Luciano Marchi; Con lo sguardo all’insù – La Madonna del Ponte di Porretta è ufficialmente la Patrona del basket italiano

2022/09/12, Porretta Terme – NWL n° 132; CON LO SGUARDO ALL’INSÙ

Amava guidare quel pezzo di strada: ne apprezzava lo scenario, i colori e anche l’atmosfera. Le ruote avrebbero sobbalzato sulle rotaie del passaggio a livello, poi la strada si sarebbe infilata sotto gli alberi, con una curva docile e larga.

La galleria del treno si sarebbe fatta aspettare dopo una svolta a destra stretta, più avanti: un buco nero incorniciato di pietra, con il casello di fronte.

L’autunno invogliava la guida, per via dei colori e l’asfalto umidiccio. Come ogni anno avrebbe incontrato una FIAT 500 parcheggiata sulla sinistra, da sola; quasi a dare un significato al tempo, in un periodo di ripensamenti e ricordi.

La curva stretta finì con un altro passaggio a livello, prima di quella salita che riapriva lo sguardo alla luce di un orizzonte più ampio: ecco il tonfo delle ruote sulle rotaie, poi subito un altro, diverso e inatteso.

Già, il pallone da basket girava libero nel baule dell’auto e sbatteva in ogni dove. Poco più avanti, parcheggiò di fronte a un bar, per sistemare la palla a spicchi. Voleva evitare di sentire tutto il giorno quello sbattere cupo e aritmico, casuale come gli istanti che non conosci.

 «Non importa prendere la palla a schiaffi”, ricordò. «Non ha nessuna colpa».

Già, gli inizi della pallacanestro furono difficili, anche solo col palleggio. L’allenatore era esigente, con quel fischietto acuto che suonava come un monito, usato troppo spesso per mettere ordine in mezzo a una ciurma di bambini inconsapevoli.

Salì in auto e ricordò ancora, appoggiandosi con le braccia sul volante.

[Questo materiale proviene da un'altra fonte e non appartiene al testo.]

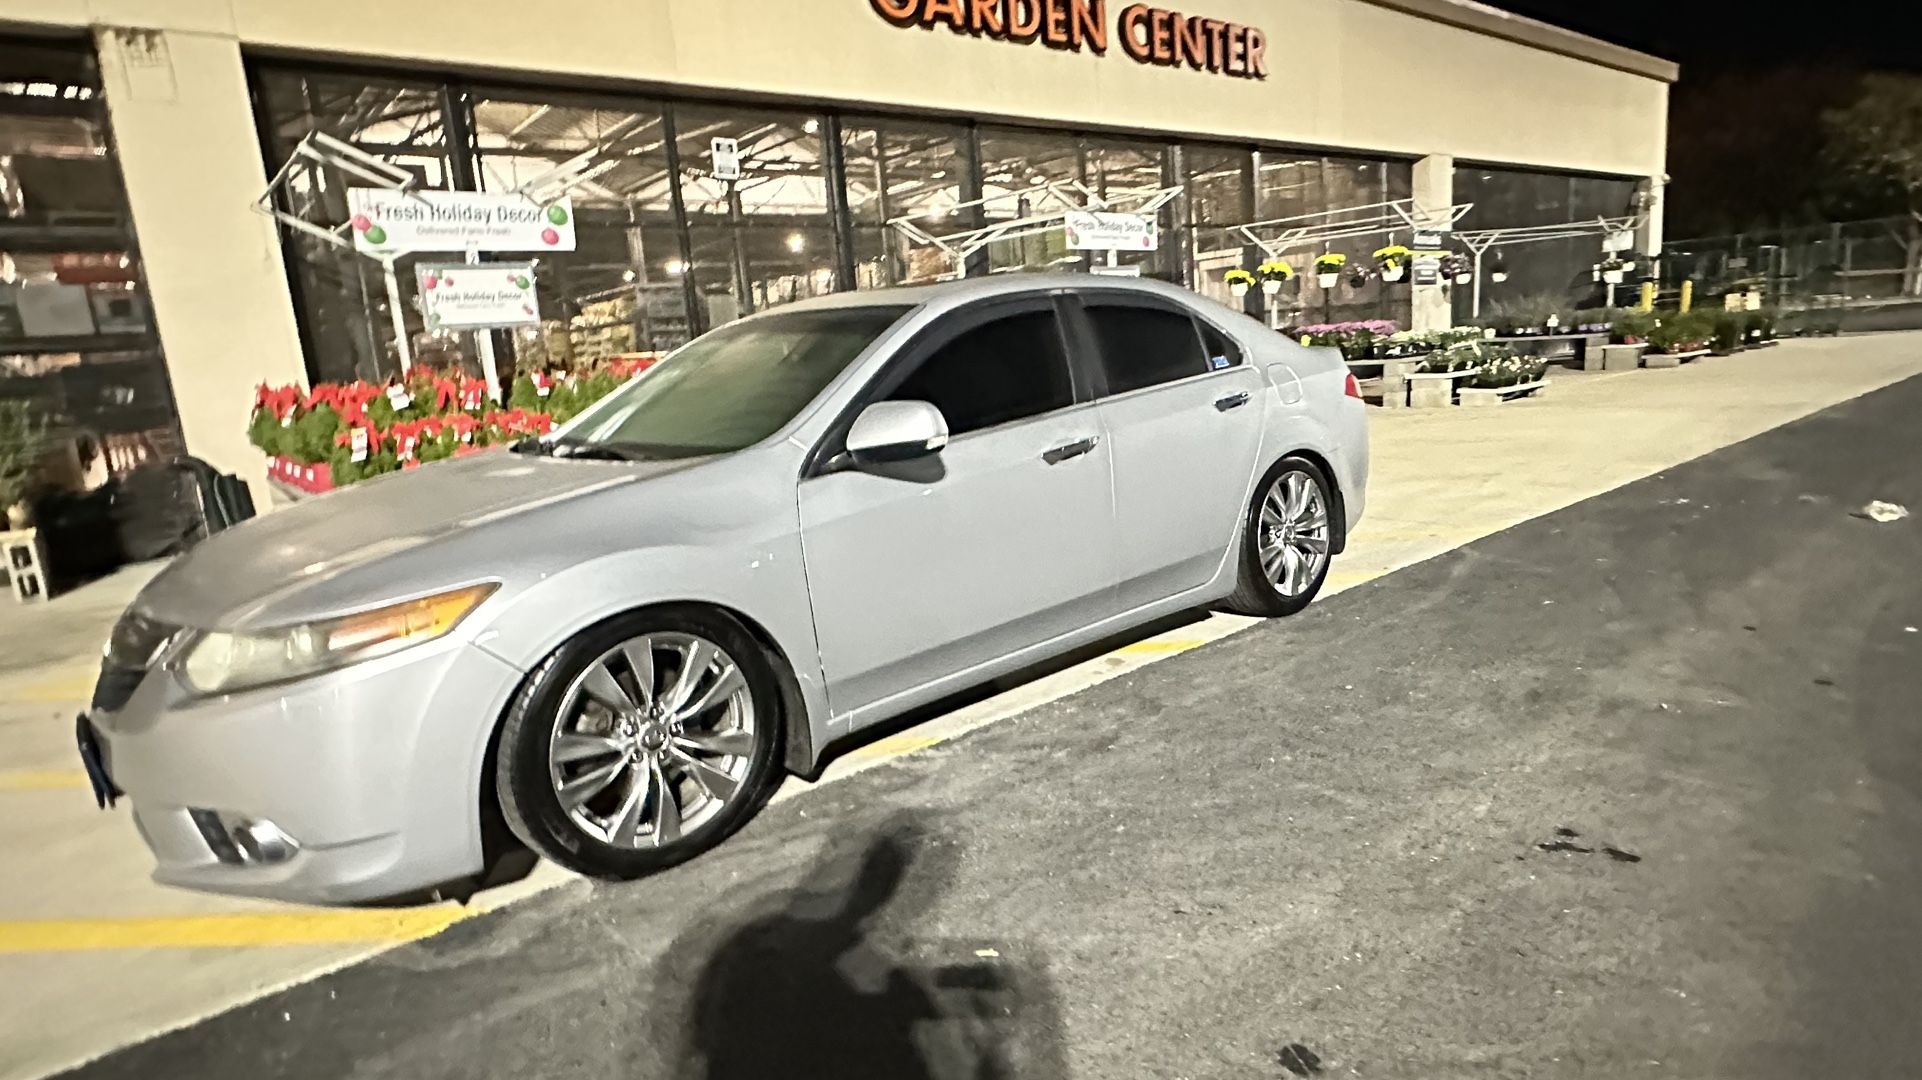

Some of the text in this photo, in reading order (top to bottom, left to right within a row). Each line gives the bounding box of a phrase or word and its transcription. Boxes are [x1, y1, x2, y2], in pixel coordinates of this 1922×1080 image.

Si palleggiava spesso sui piedi, anche se col tempo le cose migliorarono.

Piegava poco le gambe e, in difesa, scivolava male lateralmente; ma almeno l’altezza iniziava a premiarlo: un vantaggio non da poco nella pratica cestistica.

Un giorno avvenne il miracolo: durante una partitella, la palla dopo un suo tiro volle entrare a canestro. Lo fece danzando sul cerchio, quasi desiderasse far trattenere il respiro.

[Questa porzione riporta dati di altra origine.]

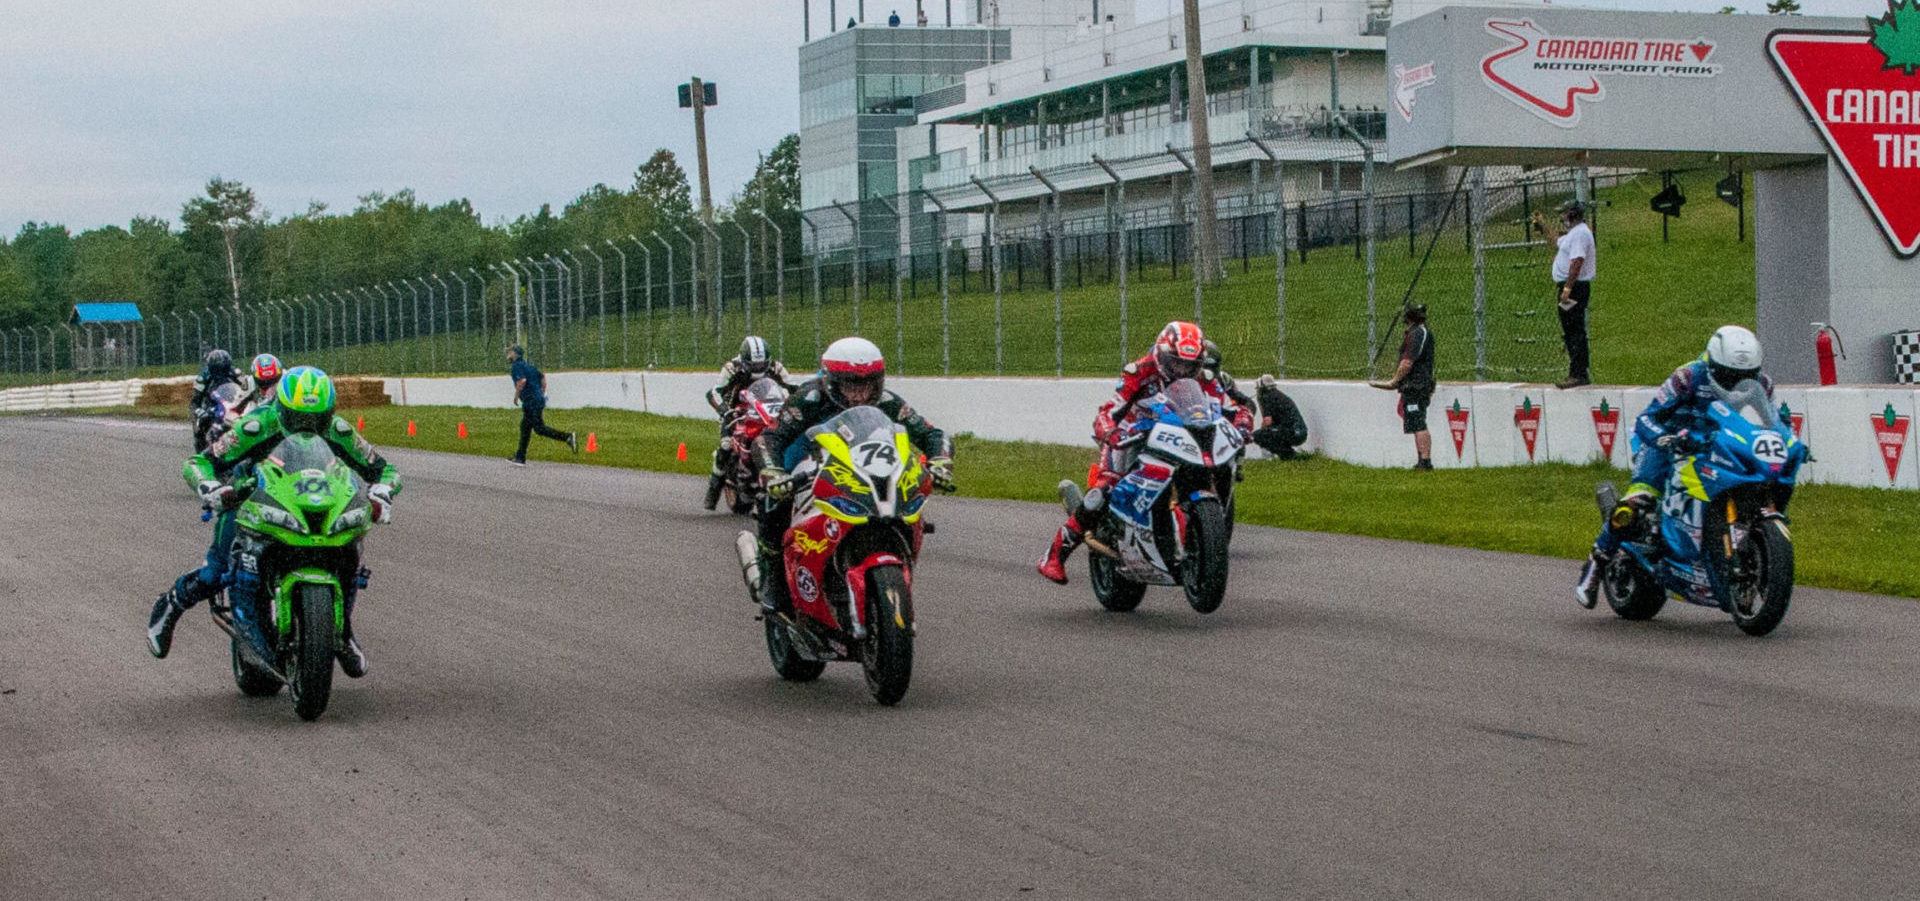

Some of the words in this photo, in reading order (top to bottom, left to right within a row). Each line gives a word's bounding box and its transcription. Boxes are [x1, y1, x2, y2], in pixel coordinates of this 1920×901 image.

[1536, 39, 1638, 60] CANADIAN
[1644, 42, 1686, 62] TIRE
[1533, 62, 1659, 73] MOTORSPORT
[1663, 65, 1713, 75] PARK
[1156, 431, 1183, 447] EFC
[859, 442, 897, 468] 74
[1754, 439, 1787, 460] 42
[293, 478, 334, 497] 101

Ne fu felice, ma comprese come il canestro fosse lassù, verso l’alto; e che per guardarlo occorresse volgere lo sguardo dove il cielo si tingeva di blu.

«Crebbe, quel bambino» e in auto se la raccontava da solo. Di certo, vi era un canestro in ogni dove, persino in casa: con un filo di ferro appoggiato alla libreria e una retina da capelli della nonna per renderlo simile a quello vero.

Crebbe anche la passione, con una squadra che aveva scelto lui quale tifoso. Già, perché un giorno gli dissero: «Non sei tu che scegli il campione, è il campione che sceglie te», ed era vero.

Da lì in poi furono viaggi, anche in Europa, e trasferte; con le domeniche trascorse “al palazzo”, tra desiderio e timore.

Visse con trepidazione minuti e secondi, tiri liberi, canestri all’ultimo giro di lancette. Istanti che ancora bussano nel petto, per quell’anello che pareva decidere questo o quello, si o no, vittoria o sconfitta.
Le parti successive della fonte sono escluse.